Daniel Paterson, principal financial officer, said during a conference call with investors that the company has "prepared all the [REMS] materials, be it hard-copy things, things we'll be distributing to the societies, [or] the website, just to make sure we have the material out there and even down to [the fact that] there's going to be patient information wallet cards. If a patient shows up at the emergency room, for example, and is on the drug, they've got the information in the wallet card," he said, adding that "we did learn a little, I think, from the idelalisib launch, and I think it's a combination of just being very forthright in our education but also understanding that the market's evolved since then."
Earlier lines of treatment next?
Copiktra was tested in late- and midstage extension trials, including Duo, a randomized, phase III monotherapy study in CLL/SLL, and Dynamo, a phase II monotherapy experiment in patients with refractory indolent non-Hodgkin's lymphoma. Both achieved their primary endpoints.
George Zavoico, analyst with B. Riley FBR Inc., asked whether serious adverse events (AEs) with Copiktra might lessen as time passes. "Yes – I mean, one can hope," Paterson said. "I think it is important. You hit on an important point, [which is that] when we talk to the physicians who've used the drug, I think they get more comfortable the more experience they have. And we've not done an analysis of patients accrued later in the program vs. earlier, necessarily, but I think it's just natural as physicians get more comfortable and know what to expect, they do a better job of managing side effects. Just look at physicians overall and their comfort with immuno-oncology agents and the spectrum of AEs that they hadn't seen before when they used traditional chemotherapy."
Joseph Lobacki, chief commercial officer, said Verastem has "been working, over the past few months, to build the team to launch Copiktra. In fact, just a little over a week ago, we had the whole field team here in Boston to continue to prepare for that launch, in terms of training and messaging and just looking at the data. We've got a team of 50 sales representatives in the field who are ready to go. They have eight regional managers and two vice presidents leading them.
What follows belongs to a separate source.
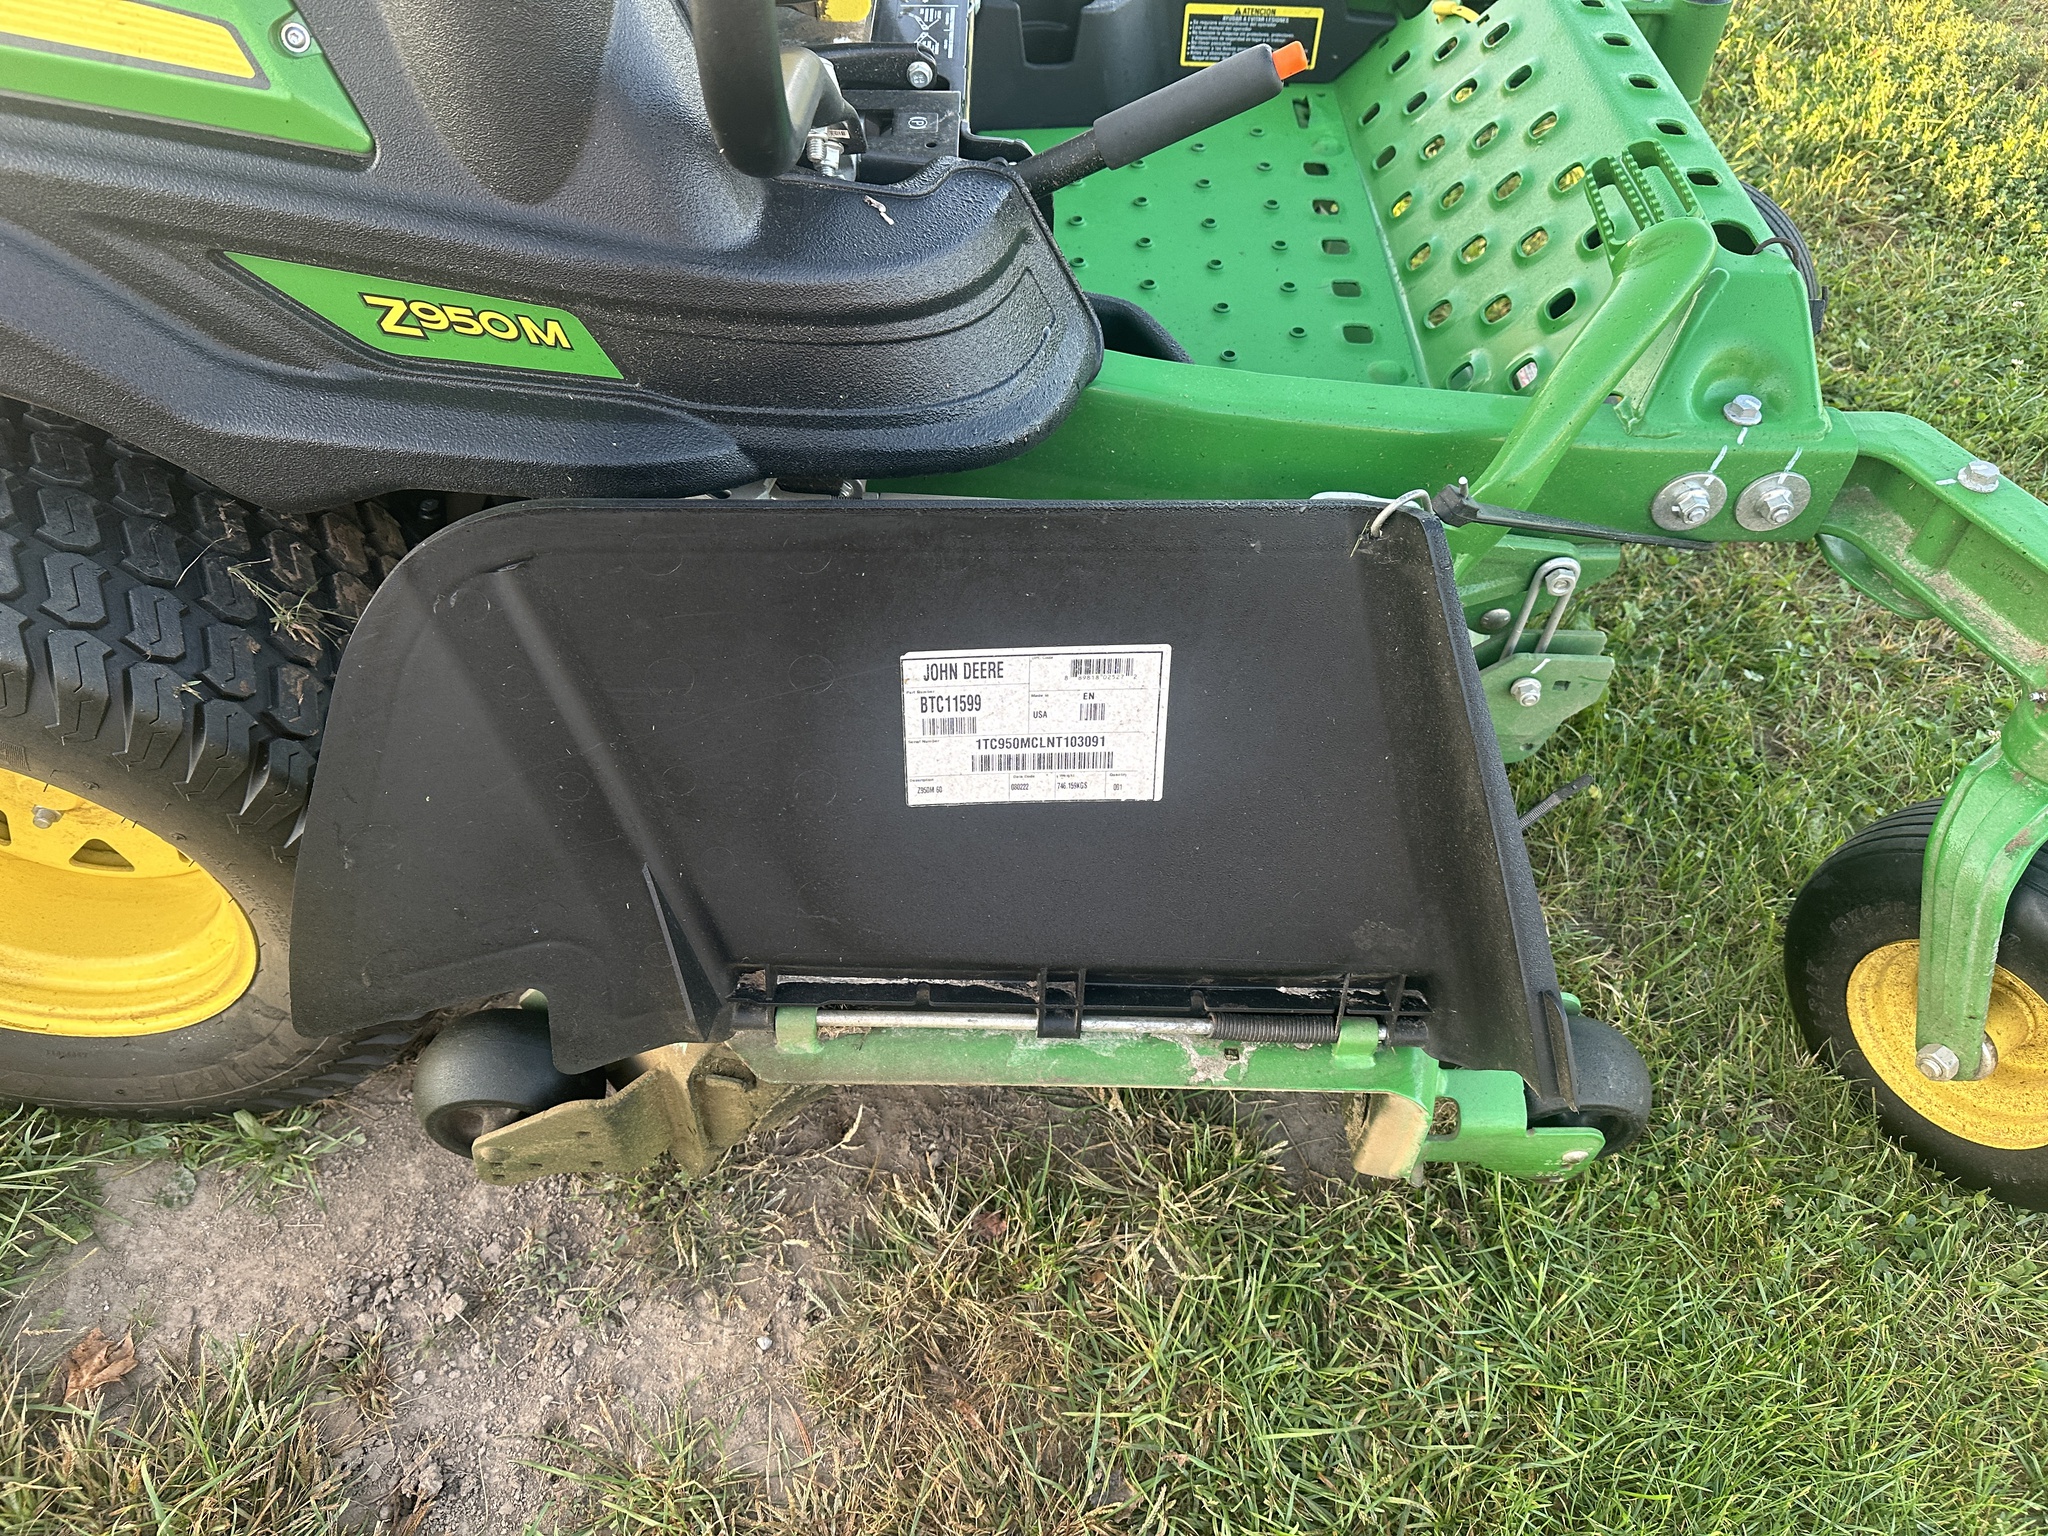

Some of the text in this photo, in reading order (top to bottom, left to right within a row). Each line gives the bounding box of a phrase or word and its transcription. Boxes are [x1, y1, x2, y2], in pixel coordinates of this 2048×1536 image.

We've got a great marketing and market research team that has provided information on the marketplace to help guide the sales team forward, and we have an excellent medical and science liaison group that's been out working with physicians over the past several months, just finding out about the market, educating them on the duvelisib data. I think we're ready to go."
Copiktra bears a list price of $11,800 per month, and is given twice daily in a 25-mg dose.
Near the start of September, Verastem disclosed that the first patient was given Copiktra in a multicenter phase I/II trial at the Dana-Farber/Harvard Cancer Center testing the drug in combination with Venclexta (venetoclax, Abbvie Inc. and Roche Holding AG) in CLL/SLL. Oppenheimer analyst Leah Rush Cann noted that if the experiment can confirm the combo is well-tolerated and improves the complete response rate over either agent alone, the finding "could lead to the use of duvelisib in earlier lines of treatment than currently being evaluated," she wrote in a report. "While preclinical data support this combination, we are not adjusting our outlook at this time due to the timing and phase of this new study."